Greenwich Riverside Path before 'regeneration' - An hysterical walk

 I thought that perhaps - for all our newer resident readers - that we should put something about what the riverside path used to be like.  Well it wasn't all industry - there was ART too.

The riverside walk described below dates from 2000 and was 'a local counterpoint to the Dome Festival'.

I have scanned part of the publicity leaflet - and -being an arts based production it is a bit of a funny shape which my (nice new) scanner is unfamiliar with.   The drawing of the Greenwich riverside is by Peter Kent - and, Peter I am sorry, I have had to scan it in chunks and it would look so much better if I could do the whole thing in one bit - but it would end up very very very tiny.

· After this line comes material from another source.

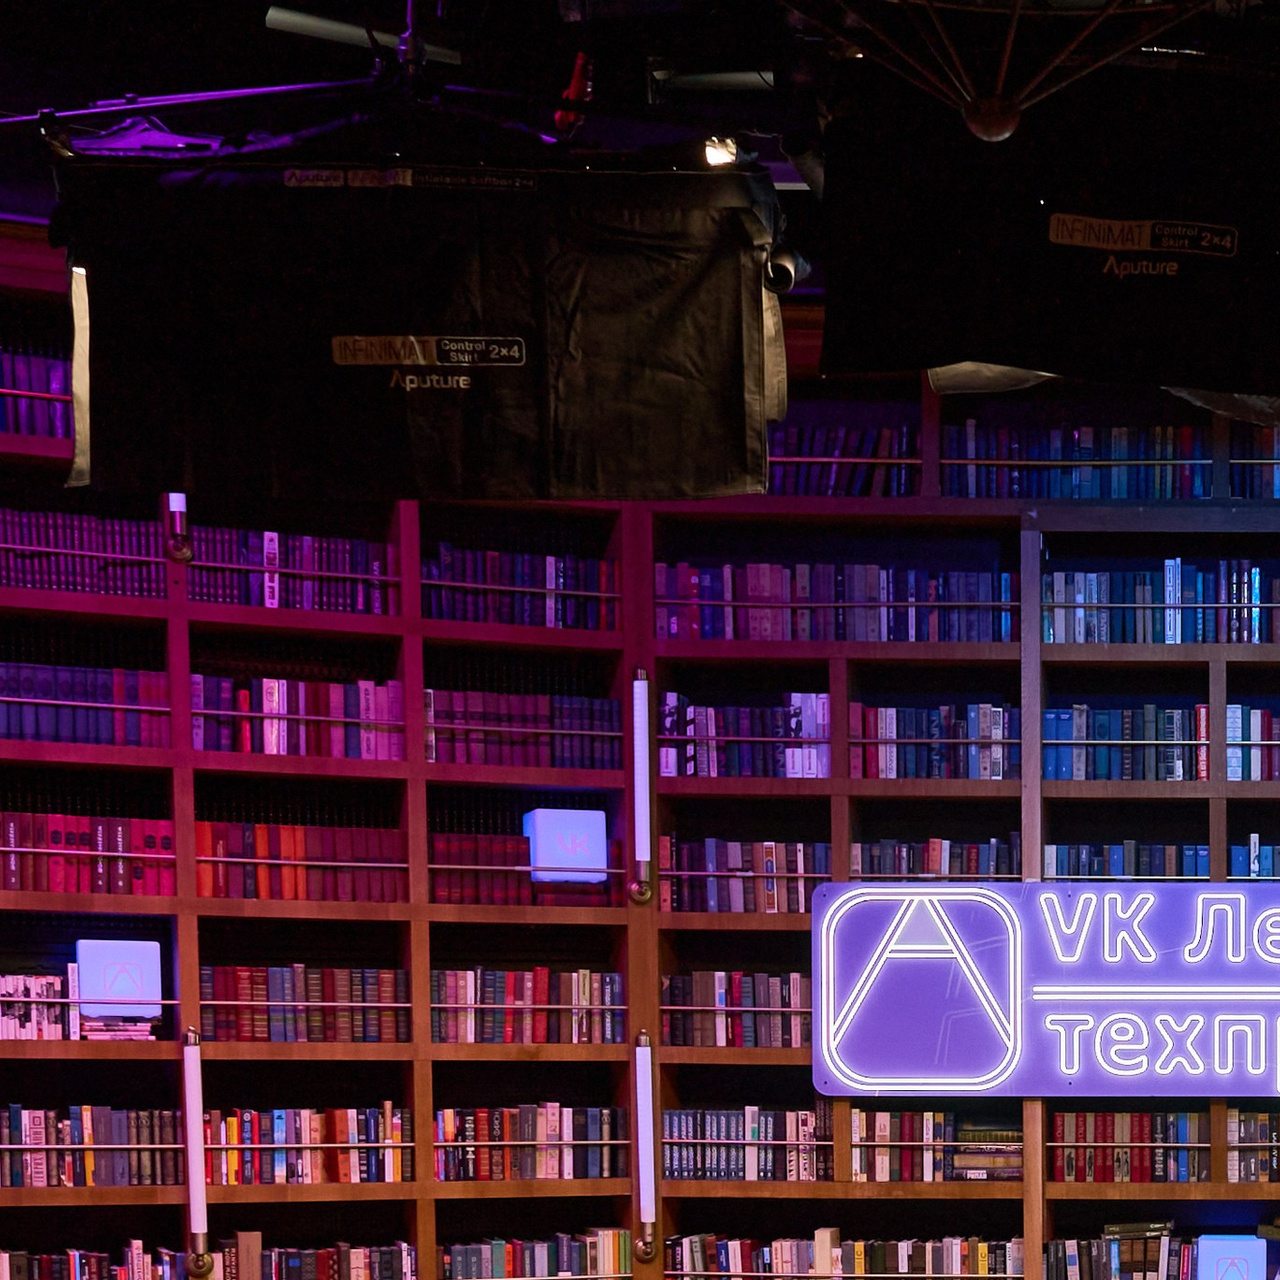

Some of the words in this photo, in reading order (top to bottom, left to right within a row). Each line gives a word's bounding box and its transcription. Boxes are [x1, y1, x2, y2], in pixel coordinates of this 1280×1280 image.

[1155, 223, 1198, 237] Control
[441, 340, 486, 352] Control
[1040, 892, 1158, 964] VK
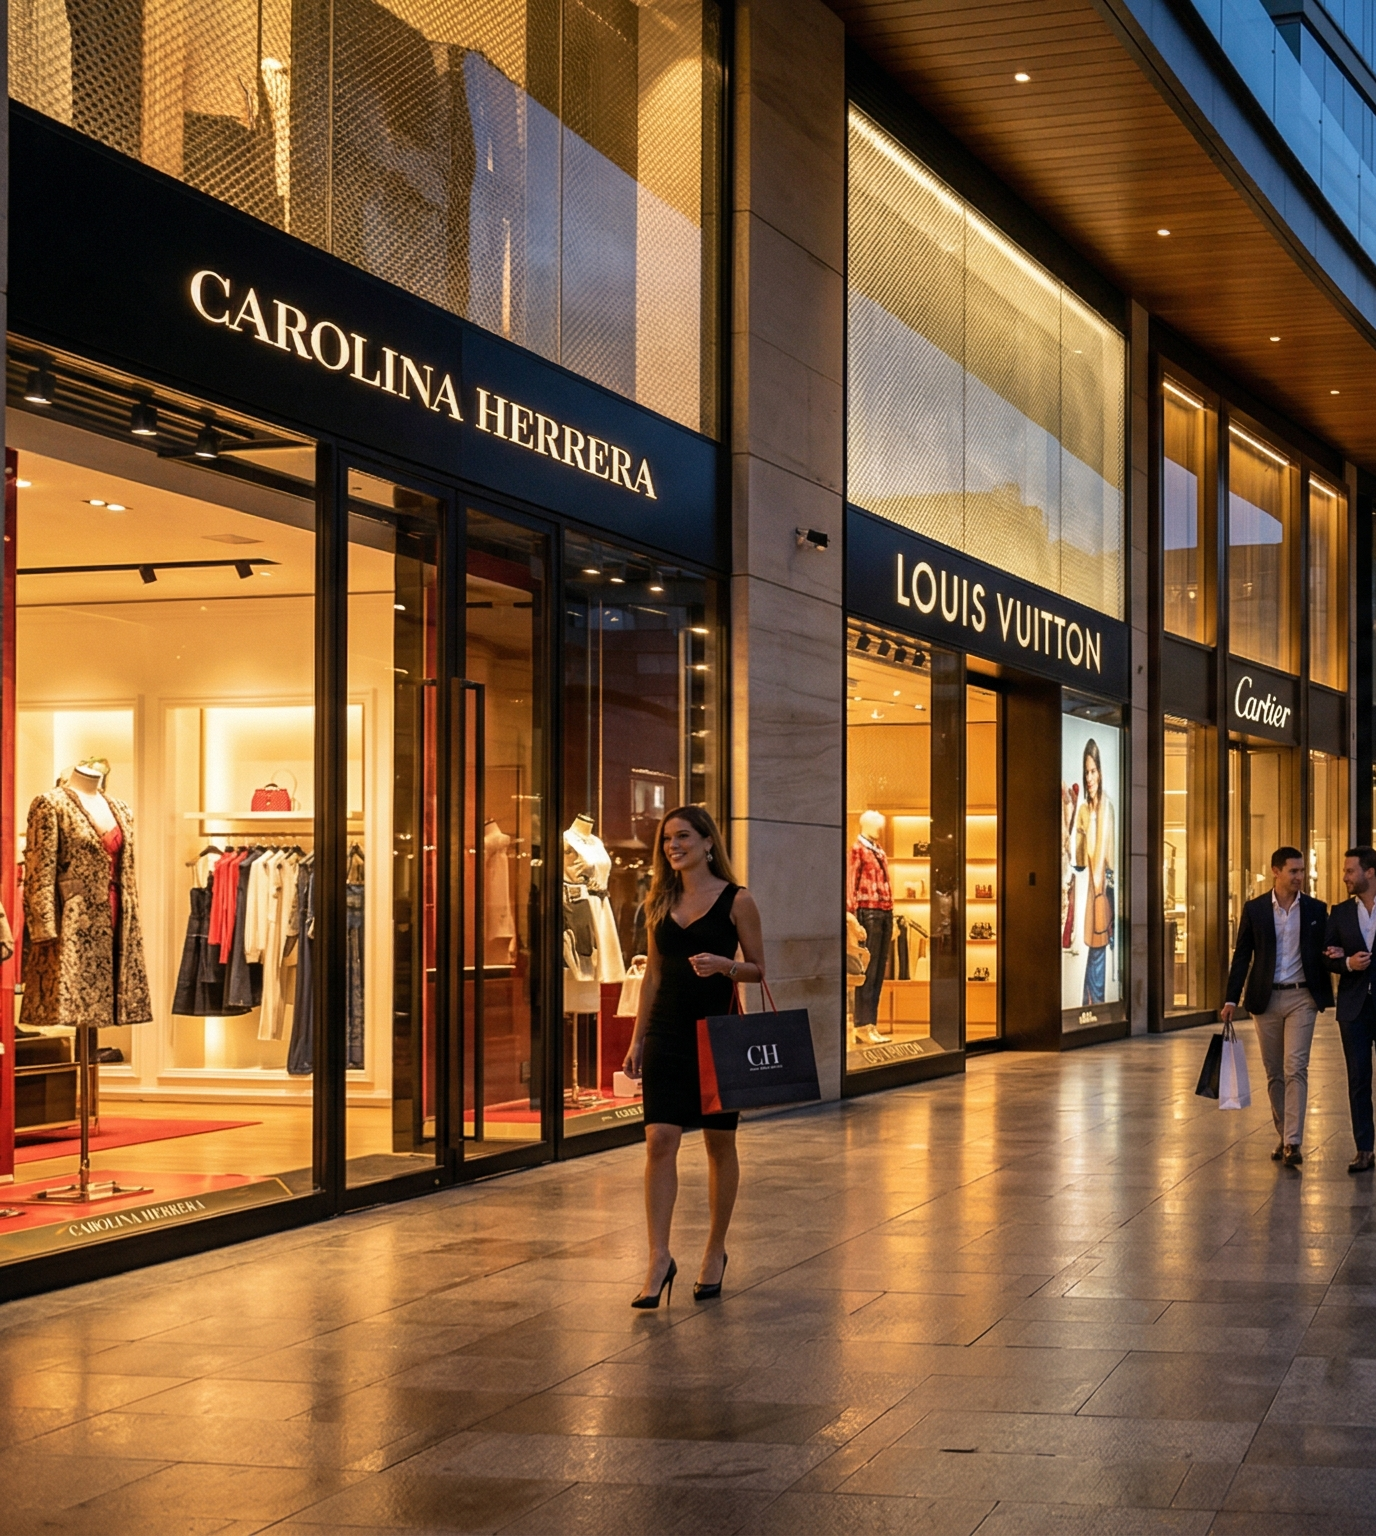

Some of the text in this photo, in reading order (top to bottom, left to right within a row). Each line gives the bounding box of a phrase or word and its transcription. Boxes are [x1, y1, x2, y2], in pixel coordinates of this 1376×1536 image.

So - I also thought a bit of explanation might be in order - interpretation - or something



This bit will be the most familiar at the start of the walk.  It begins at Trinity Hospital - there is a sort of raised platform there on  the riverside and I seem to remember a big picture frame there which they put up so you could imagine where you were going was a 'picture'.  So we see the power station, and its jetty - and then the path carries on to Anchor Iron Wharf.  The flats were not built then and you had to walk down a little narrow path with a scrap yard either side - and then - there you were at Ballast Quay,



This stretch is the bit between Ballast Quay and Enderbys - then Lovells Wharf, Granite Wharf and Pipers. Pipers were famous barge builders and  the area was in use by the boat repair yard until very recently.

At Lovells were two huge cranes - Scotch Derricks - which had been left by the previous owner.  They were a local landmark and there were plans to keep them - but the owners demolished them early one morning without any prior notice. Here they are the 'wounded giants'.

The stretch illustrated also includes the Alcatel jetty and the group did a musical performance on it. It was just the same then as it is now - but it did have public access then,




Further up and more wharves - And here we are at Enderbys where there was an 'artistic group' of Penguins - I seem to think they were plastic and floated about in the water.

Chuck Out Your Mouldies was the title of play which was put on locally with lots of local people taking part and based on memories of childhood in the 1940s and 1950s.  It was a lot of fun to do. The 'mouldies' was supposed to be loose change and children would call out to passers by to 'chuck out your mouldies'  and they would then scrabble for pennies and ha'pennies.





and here we are at the end  -  and the road to the Dome. 

The Amylum Silos - something else the riverside has lost. This was a group of concrete silos 'which would make Le Corbusier weep with envy' [cf Owen Hatherley - thanks Owen that's a great quote].
Amylum was a glucose refinery and  was sold to Syrol who were/are French. One day a French demolition crew came in and demolished the lot - with never a by-your-leave, planning consent, a polite note to next door, or anything.  Silos were gone before we knew it. They cleared off back to France and left the site empty and open to all.

If anyone is interested in more info let me know.